So it’s probably a good time for an update. I’m in Southern California visiting my 95 year old grandmother, going to appointments with her etc., but my mind is never far from our project.

Our Amazon Wish List is now empty. Wow. You all just completely blew my mind this summer. I have volunteers sorting on site and trying to get things ready for school to start next week.

Did I tell you because of you I was able to make class sets for the two schools plus others in the area?

I made two class sets of Book Thief.

I made three class sets of I am Malala.

I made two class sets of Persepolis and one of Maus 1 & 2.

I made two class sets of Diary of a Part-Time Indian

And about 10 different sets of classics as well.

We have a teacher who wants to do March by John Lewis. We only received a couple of copies of that.

I told him I would throw it out here and see if anyone would be able to help build 30 class sets of the wonderful series.

Here’s our list if you are still interested in helping us.

Also your comments helped, btw. I think bureaucracies have no idea how inhuman they sound until faced with criticism from outside their sphere of power. Keep up the good work.

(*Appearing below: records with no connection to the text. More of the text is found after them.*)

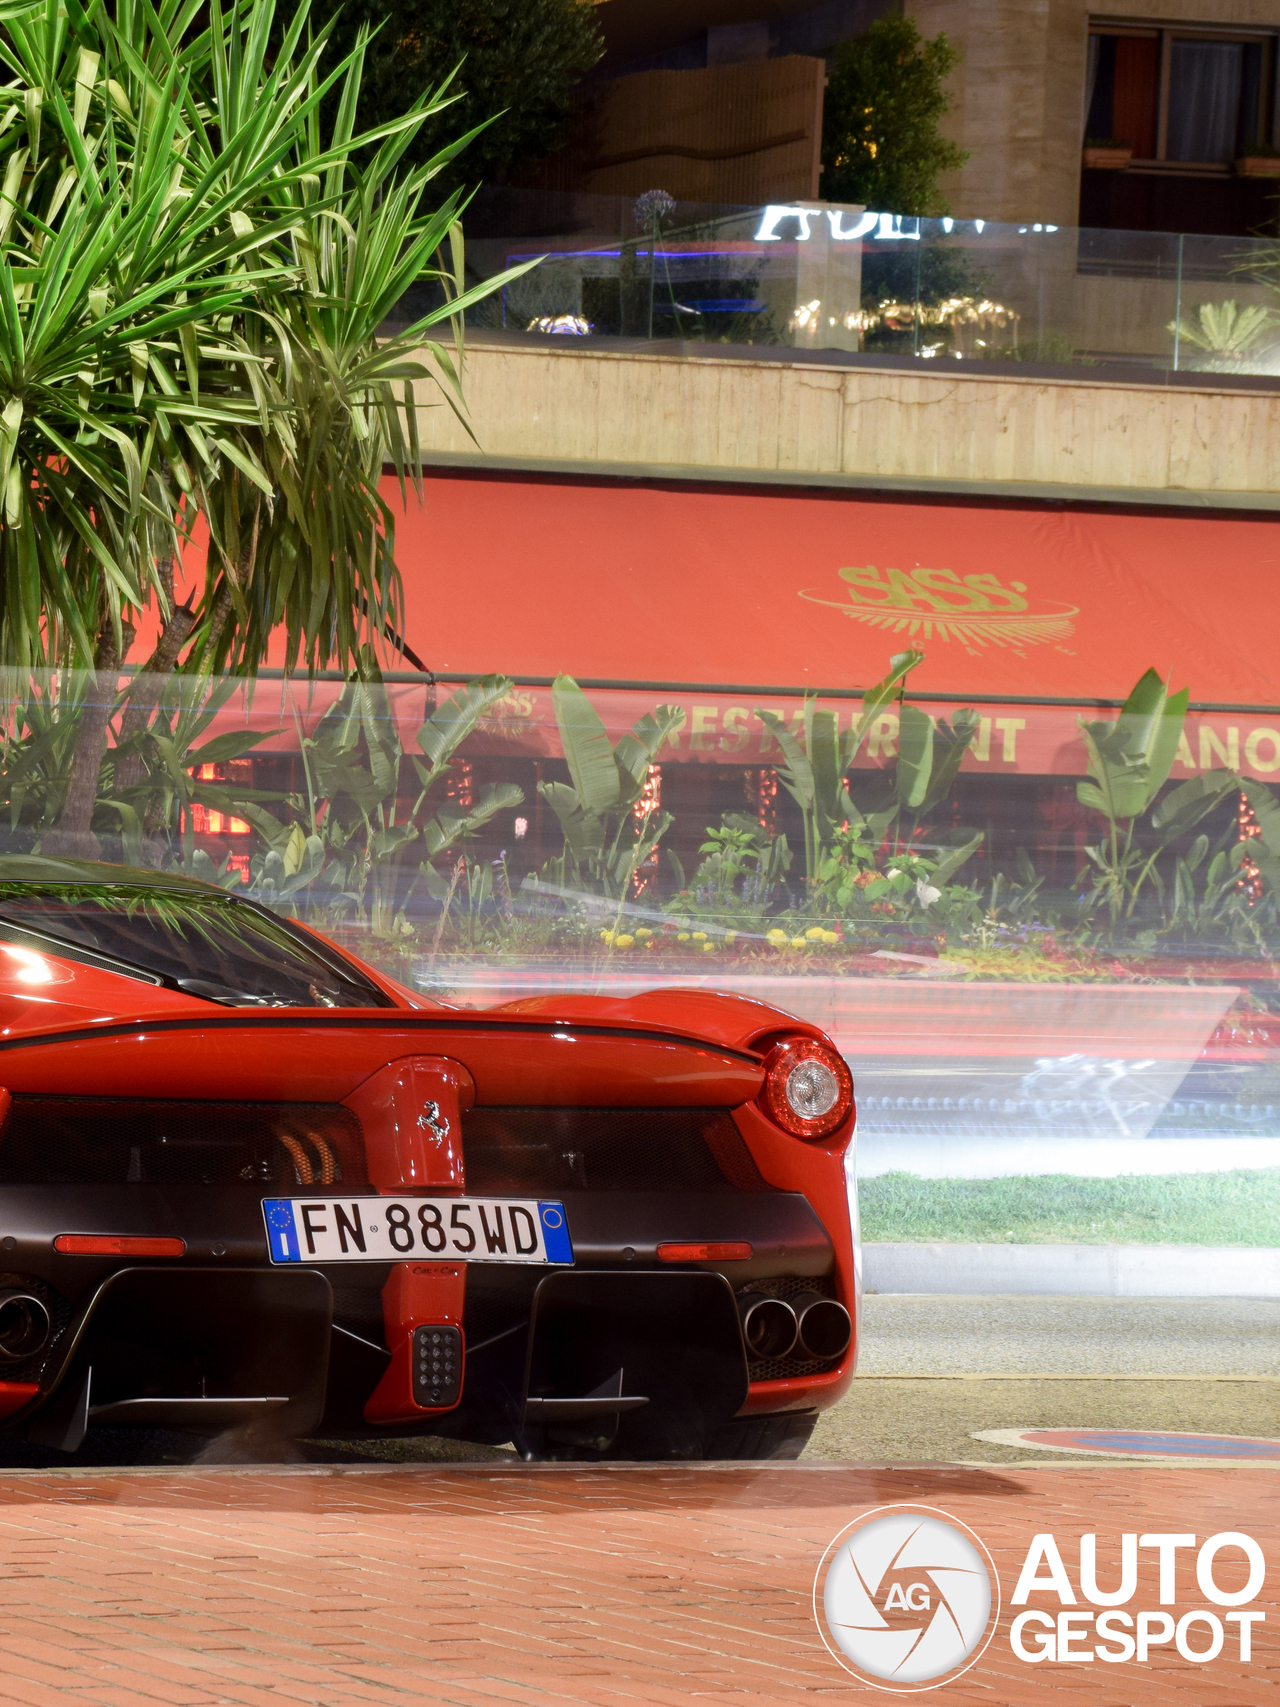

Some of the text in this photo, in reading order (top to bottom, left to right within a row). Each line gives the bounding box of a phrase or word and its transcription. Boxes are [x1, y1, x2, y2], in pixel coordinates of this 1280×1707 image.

[654, 703, 1280, 773] ESTRNT ANO
[300, 1203, 539, 1256] FN 885WD
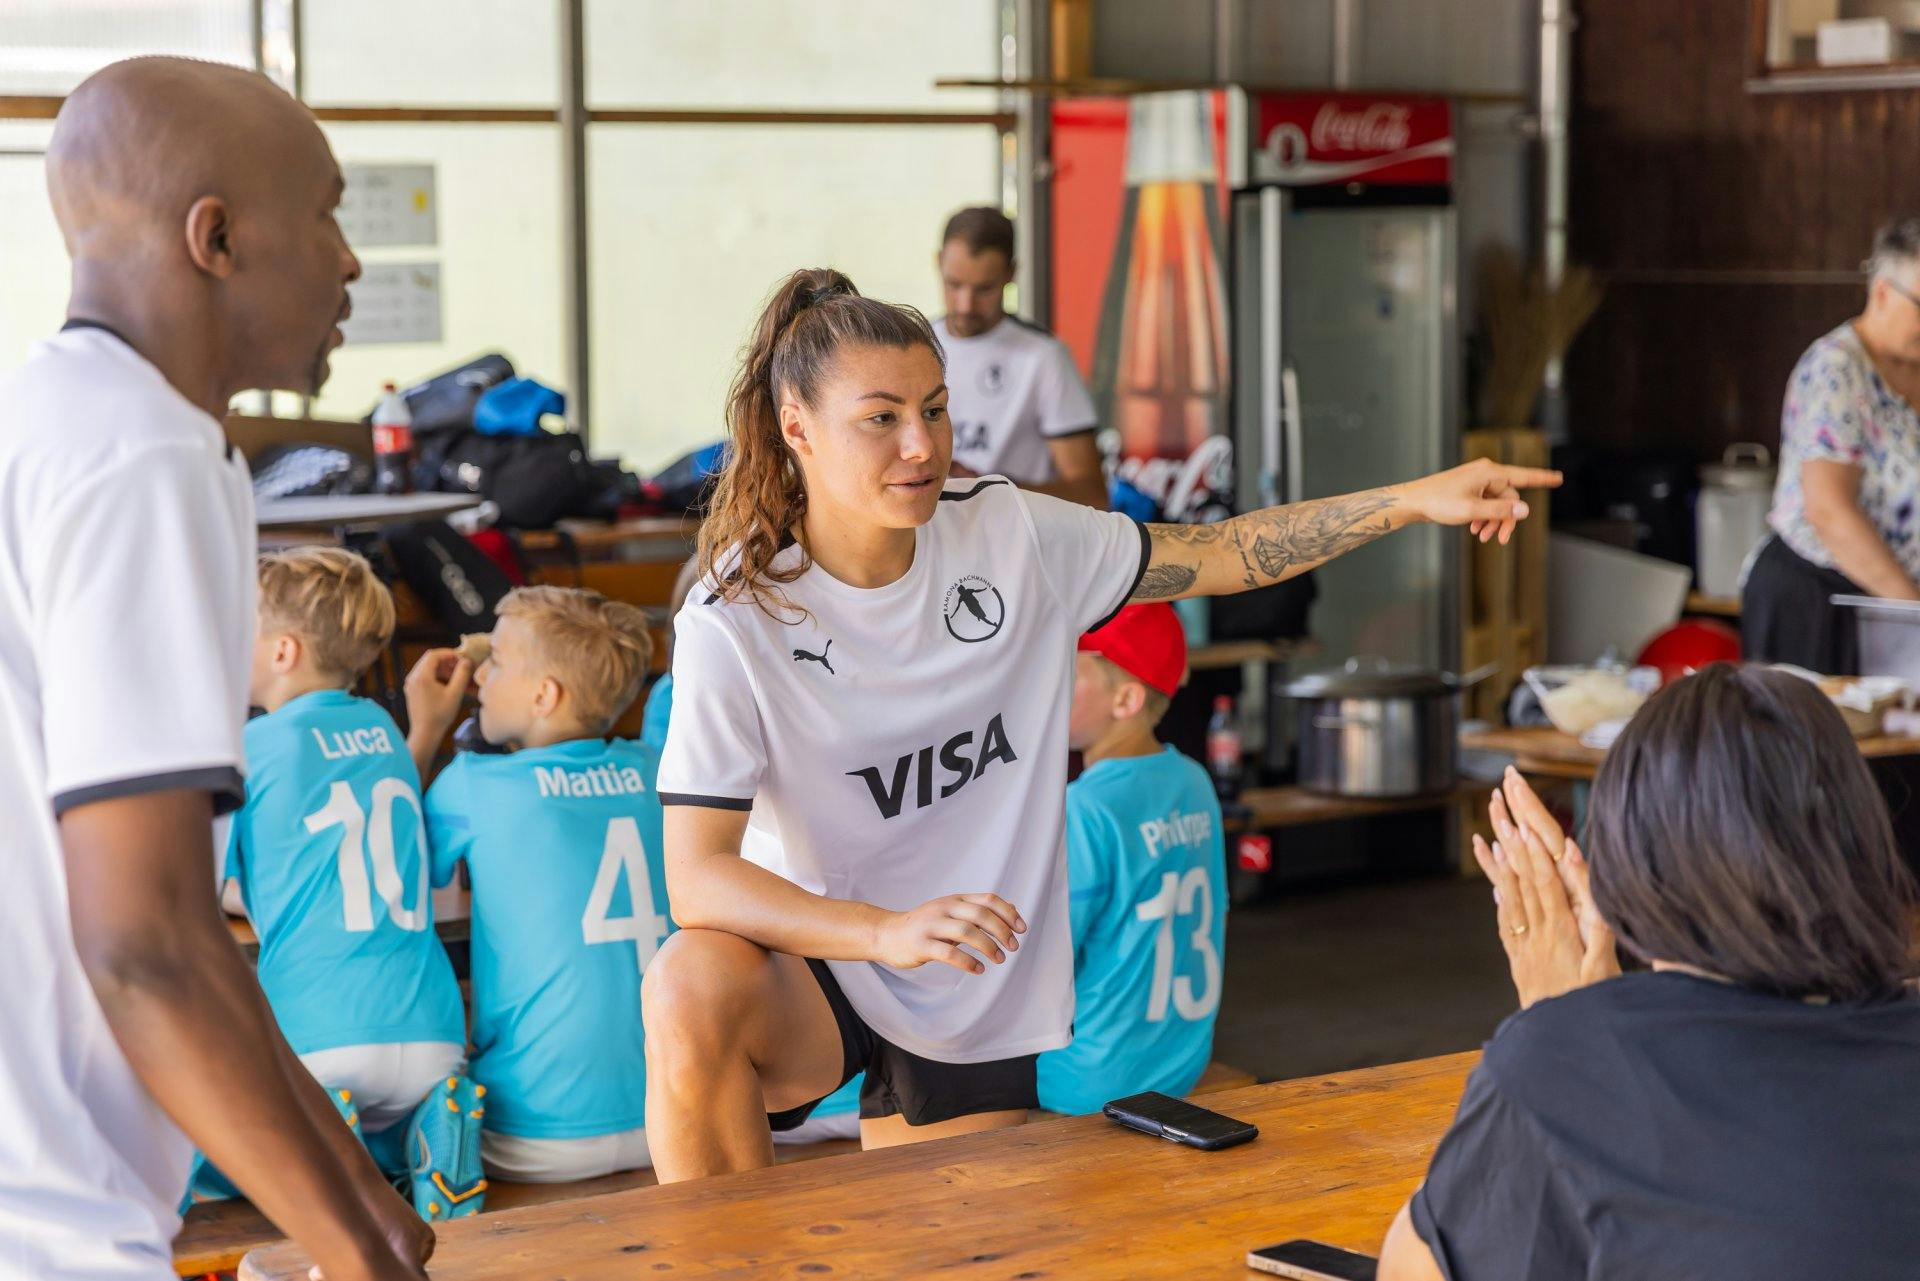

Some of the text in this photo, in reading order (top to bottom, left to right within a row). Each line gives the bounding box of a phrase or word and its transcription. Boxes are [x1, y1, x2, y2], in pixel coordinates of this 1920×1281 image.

[943, 574, 992, 612] RAMONA BACHMANN
[311, 726, 394, 760] Luca
[534, 762, 646, 798] Mattia
[845, 712, 1018, 820] VISA
[302, 776, 432, 932] 10
[581, 816, 669, 976] 4
[1135, 866, 1222, 1023] 13

Also. I had a great conversation with my cousin who lives in La Habra, CA. Her daughter said she was a little jealous because last year her school put books from the library in dumpsters in favor of the One-to-One program ipads with ebooks. That’s fine she said, but when 1/2 of the kids don’t have the Internet at home , it’s hardly fair for the schools to be assigning internet based homework and readings. Our school district Plumas Unified, also is aiming to do that on each campus despite the fact that the Internet goes down without warning even for the households that have it several times a day –at least once a day. And despite the fact that not everyone has it here either.

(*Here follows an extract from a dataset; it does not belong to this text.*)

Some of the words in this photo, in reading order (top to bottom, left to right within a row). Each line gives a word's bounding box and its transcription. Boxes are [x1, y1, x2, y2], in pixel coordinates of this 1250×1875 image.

Sometimes I wonder if school administrators ever met a poor child? Or a family? And why create an uneven playing field and why take books out of the hands of children?

Okay. Grandma and I are on to appointment number 2 today. Then tonight I get to interview someone really fascinating for my book. Tomorrow I will be back on a train headed north. Talk to you soon.

Also. If you’re in LA soon? Do take in the Guillermo del Toro exhibit at LACMA. Definitely worth it.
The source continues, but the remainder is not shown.